Spatial localization data:
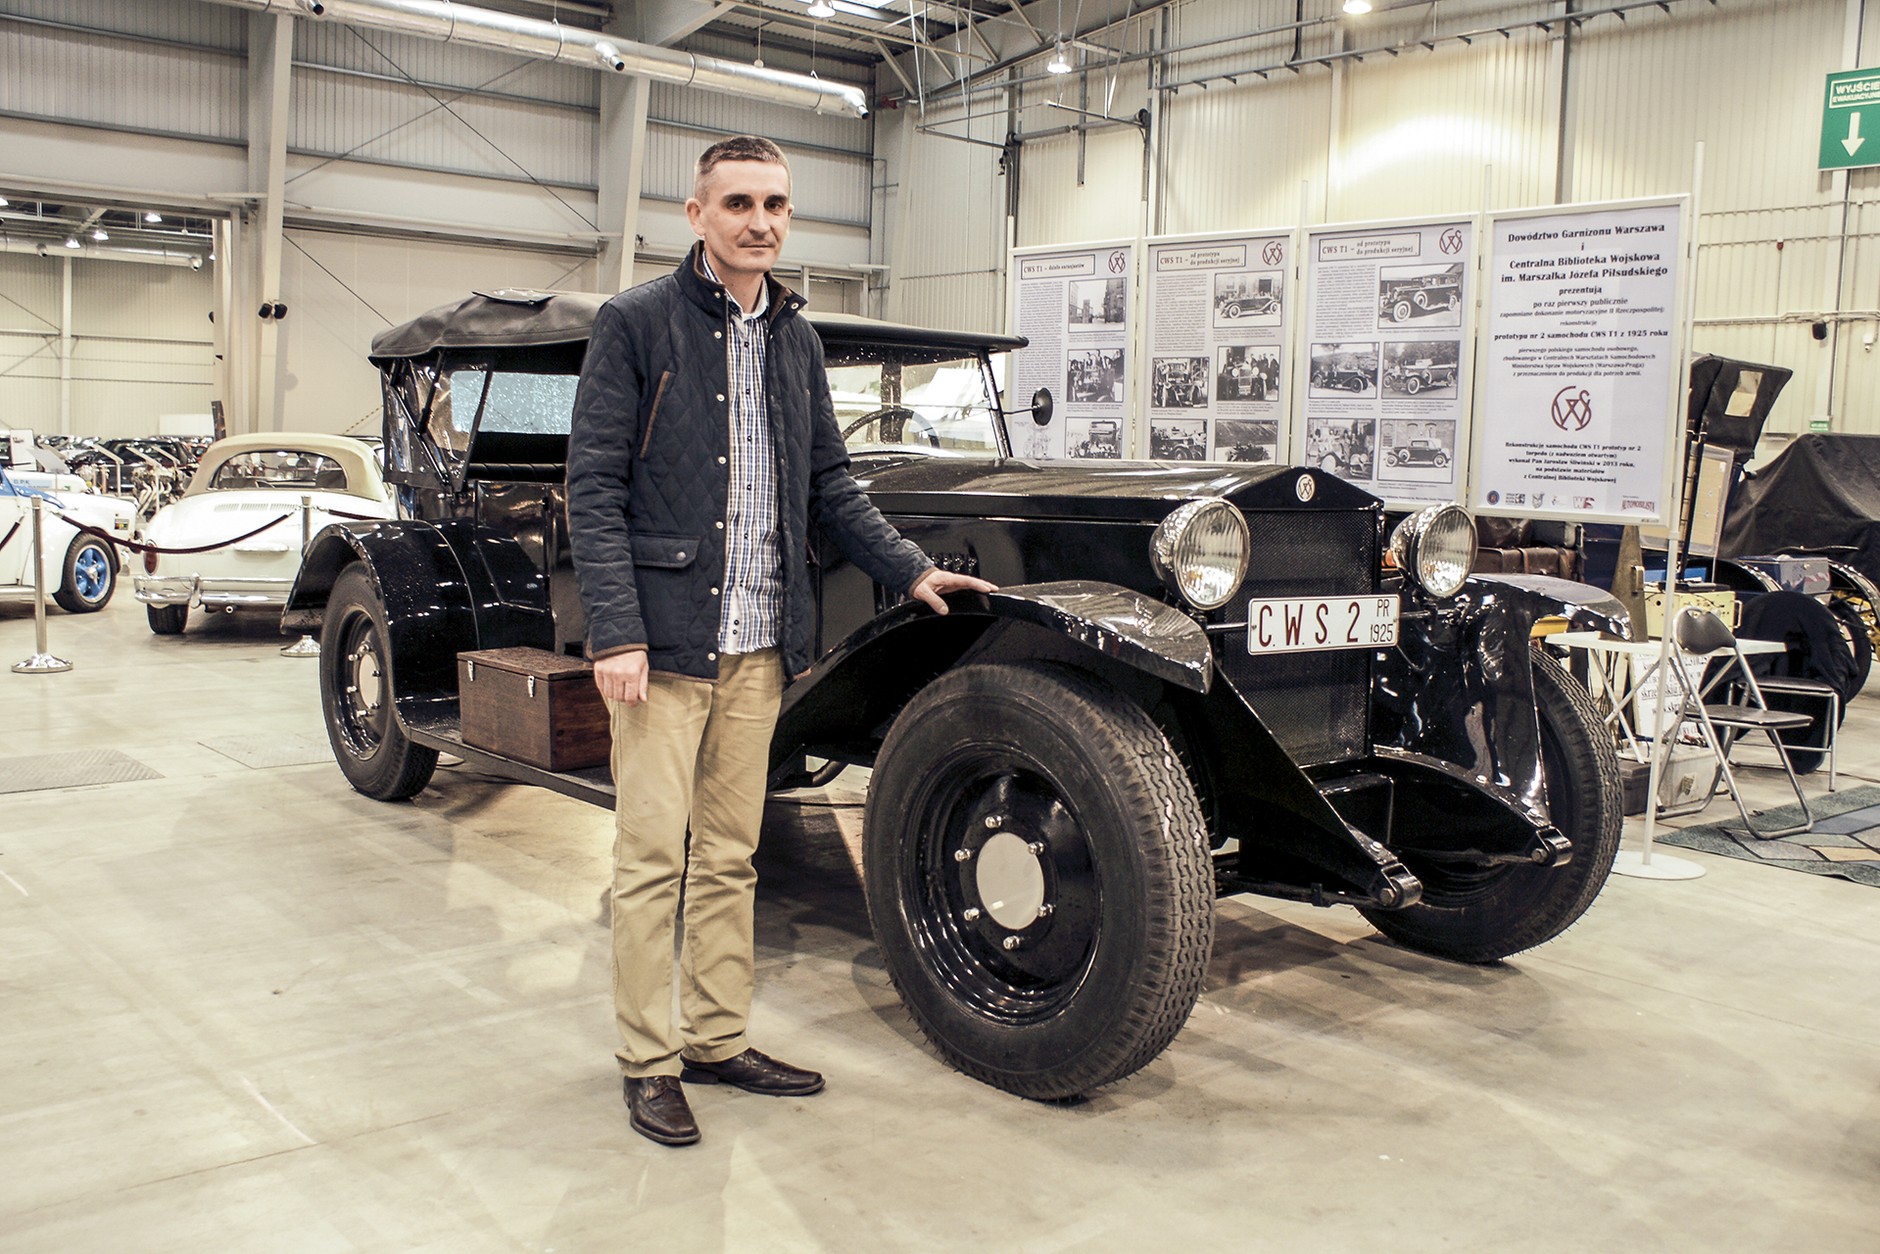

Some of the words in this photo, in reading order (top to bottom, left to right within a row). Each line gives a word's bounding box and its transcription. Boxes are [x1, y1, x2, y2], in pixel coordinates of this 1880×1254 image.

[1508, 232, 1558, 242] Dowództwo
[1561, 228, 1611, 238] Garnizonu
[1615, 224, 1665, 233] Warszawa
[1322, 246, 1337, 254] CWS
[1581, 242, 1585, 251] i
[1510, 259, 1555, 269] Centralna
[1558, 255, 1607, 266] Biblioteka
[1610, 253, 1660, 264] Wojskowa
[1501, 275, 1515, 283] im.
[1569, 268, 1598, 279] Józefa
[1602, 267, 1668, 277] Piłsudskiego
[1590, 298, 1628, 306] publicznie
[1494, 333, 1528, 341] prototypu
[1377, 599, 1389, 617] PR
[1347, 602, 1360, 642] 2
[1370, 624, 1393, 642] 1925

## [TASK]
From the first line to the last, repeat the records exactly. Leave out the pictures.

## [SOLUTION TO THIS TASK]
Some of the words in this photo, in reading order (top to bottom, left to right within a row). Each line gives a word's bounding box and its transcription. Boxes are [x1, y1, x2, y2], in pixel coordinates of this 1880×1254 image.

[1508, 232, 1558, 242] Dowództwo
[1561, 228, 1611, 238] Garnizonu
[1615, 224, 1665, 233] Warszawa
[1322, 246, 1337, 254] CWS
[1581, 242, 1585, 251] i
[1510, 259, 1555, 269] Centralna
[1558, 255, 1607, 266] Biblioteka
[1610, 253, 1660, 264] Wojskowa
[1501, 275, 1515, 283] im.
[1569, 268, 1598, 279] Józefa
[1602, 267, 1668, 277] Piłsudskiego
[1590, 298, 1628, 306] publicznie
[1494, 333, 1528, 341] prototypu
[1377, 599, 1389, 617] PR
[1347, 602, 1360, 642] 2
[1370, 624, 1393, 642] 1925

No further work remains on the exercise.